Solution & Results: Firstly, we had the challenge of deploying a larger application to our stage/production environment. That was automated with bash scripts only and only some people actually had the experience of deploying the whole environment. Progressively it took more and more time until one person was spending 50% of his work time deploying the application to the stage environment. So, we started to automate steps one by one, so that at the end of the first iteration cycle, we had a completely self-service deploy system.

After that challenge, we wanted to verify that we can automatically test if all features were buildable so that developers didn’t have to merge in all the items in the common branch. We used the multi-branch feature that we build and tag all the containers so they’re tested, verified, and built. After each push they would be built and ready to be deployed.

We then started automating common tasks, such as cache reload, as well as running backups. The good part about running backups on Jenkins is that we’d see immediately if something is wrong since we did a Jenkins/Slack integration.

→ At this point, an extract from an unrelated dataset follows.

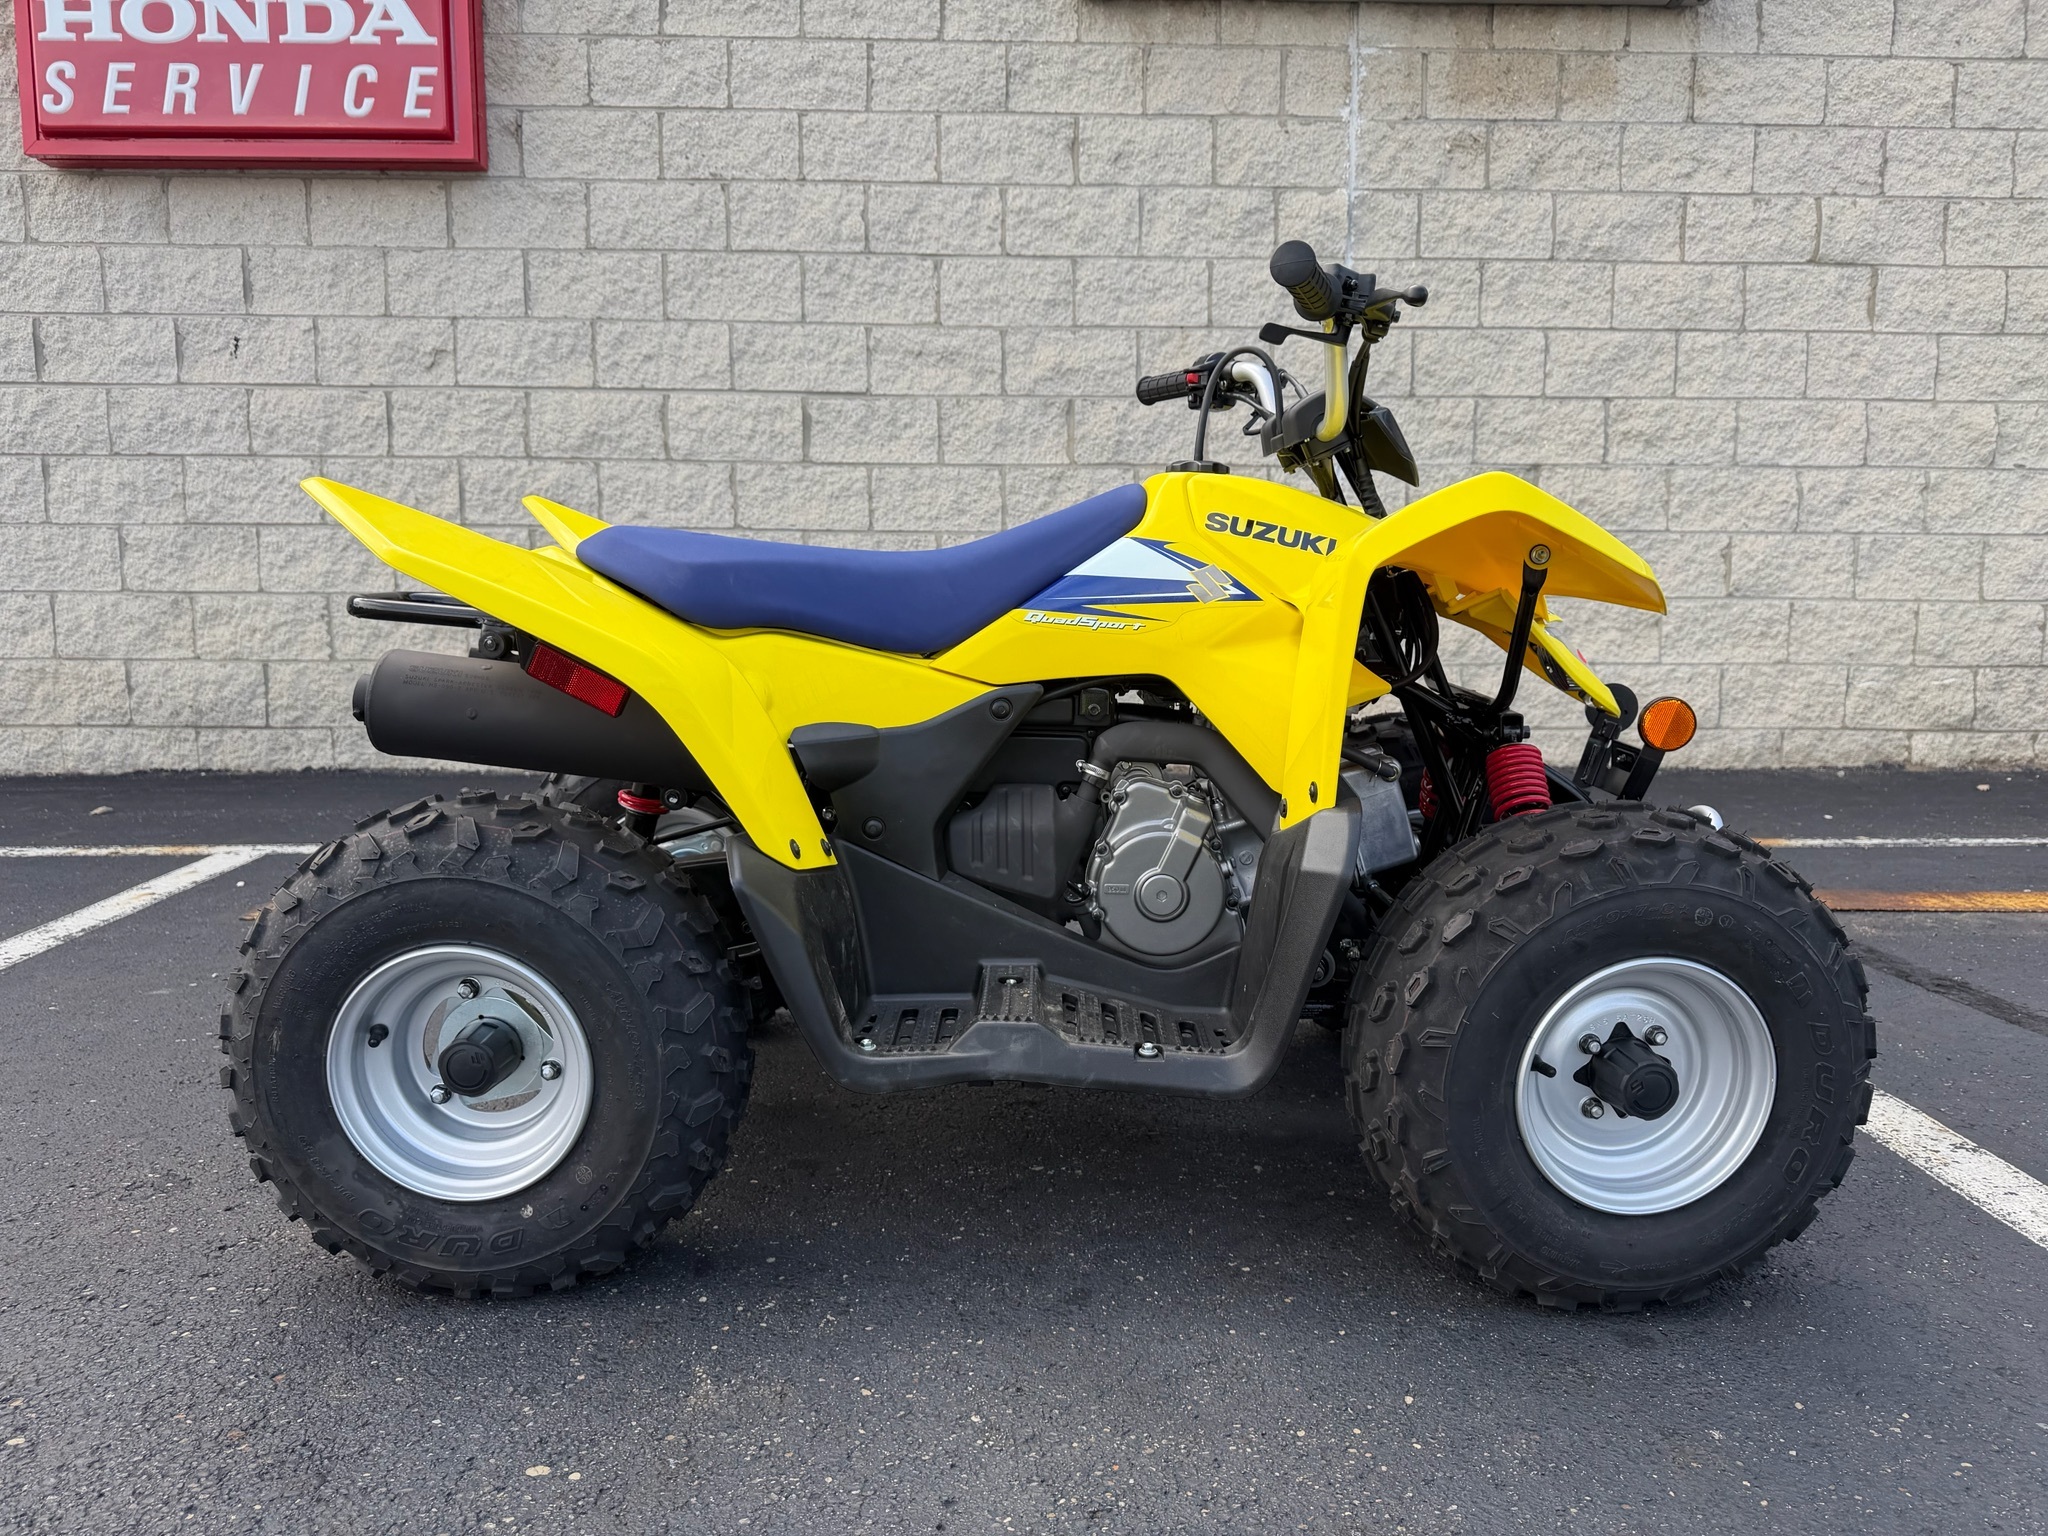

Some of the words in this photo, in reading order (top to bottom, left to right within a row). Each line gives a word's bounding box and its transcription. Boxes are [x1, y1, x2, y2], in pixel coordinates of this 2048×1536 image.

Later, we integrated Jenkins build & test validation through GitHub-actions since we already had everything set up. This helped us validate the builds easily by using Jenkins-CLI through GitHub-actions. We also integrated with BrowserStack that we run nightly full deployments and run unit, integration, and end-to-end system tests on the whole platform, so that we know a valid release is waiting for us in the morning.

Highlights include:

  • ThinBackup - Really nice to have a small backup for disaster recovery. Remember there are 2 kinds of people: those who do backups and those who will start doing backups.

  • Blue Ocean - Since presenting results has never been so fancy.

  • Google OAuth Credentials Plugin - Since someone else already set the correct permissions

  • Jenkins Declarative Pipeline - Way easier to read

  • Slack Notification Plugin - Gotta get those errors in a good place

Results were as follows:

  • Improved stability and consistency of releases.

  • Improved build times due to multi-threaded builds on server machines.

  • The release cycle was shortened since we always had a tagged release ready in the morning.

  • Improved developer confidence that their changes won’t completely break the application.

  • Improved self-servicing of automated tasks such as forcing updates and clearing cache for non-tech people.